By Lawrence Owusu Robert B Eshun Leila Hashemi-Beni Ali AlQahtani Masud R Rashel AKM K. Islam

DOI: https://doi.org/10.5815/ijisa.2024.05.05, Pub. Date: 8 Oct. 2024

Governments worldwide are increasingly prioritizing early wildfire detection to safeguard lives, property, and the environment. Although CNN-based models have demonstrated exceptional performance in various computer vision applications, the evolving nature of wildfire images poses significant challenges for a single CNN-based model in wildfire detection.
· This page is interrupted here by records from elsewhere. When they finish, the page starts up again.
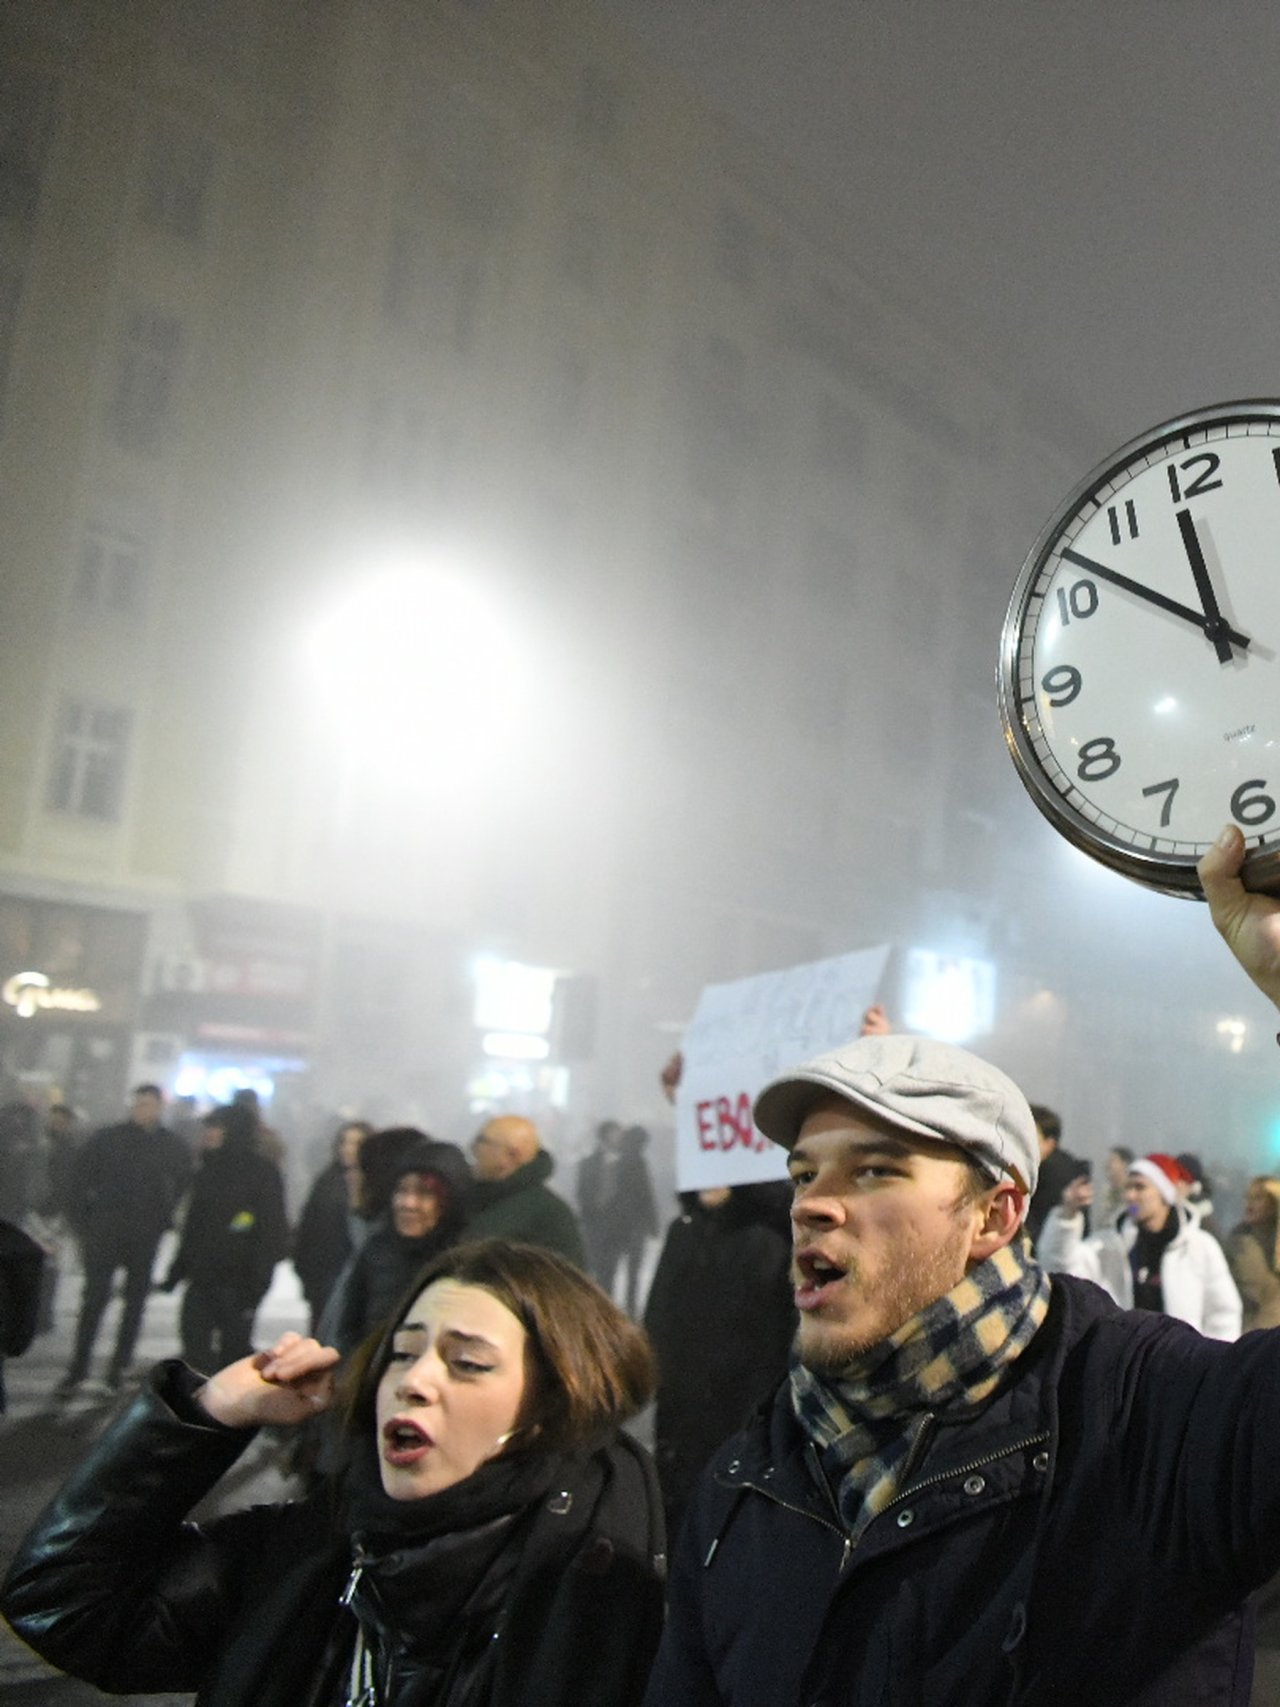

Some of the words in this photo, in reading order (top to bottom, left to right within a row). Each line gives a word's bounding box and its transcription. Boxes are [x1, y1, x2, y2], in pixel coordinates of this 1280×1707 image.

[1168, 452, 1224, 503] 12
[1107, 500, 1140, 546] 11
[1056, 579, 1100, 626] 10
[1041, 664, 1083, 708] 9
[1077, 737, 1122, 782] 8
[1142, 778, 1180, 828] 7
[1230, 780, 1277, 826] 6
In this study, we addressed this issue by integrating and weighting the differential learning capabilities of three individual transfer learning models: InceptionV3, ResNet50, and VGG16. Experimental results show that the ensemble deep learning models significantly outperformed all single classifiers across all performance metrics. Both the ensemble and weighted ensemble deep learning models achieved 99.7% accuracy, 99.5% precision, 100% recall, 99.8% F1-score, 0.5%false positive rate, 0.0% false negative rate and 0.3% error rate. Additionally, these models reduced the error rate by 98%, 91%, and 40% compared to the error rates of ResNet50, InceptionV3, and VGG16 respectively. A false negative rate of 0% indicates that our proposed ensemble deep learning models identified and predicted all the wildfire instances present in the test set correctly without a single misclassification. This positions our proposed ensemble deep learning models as superior choices for reducing misclassifications in wildfire detection.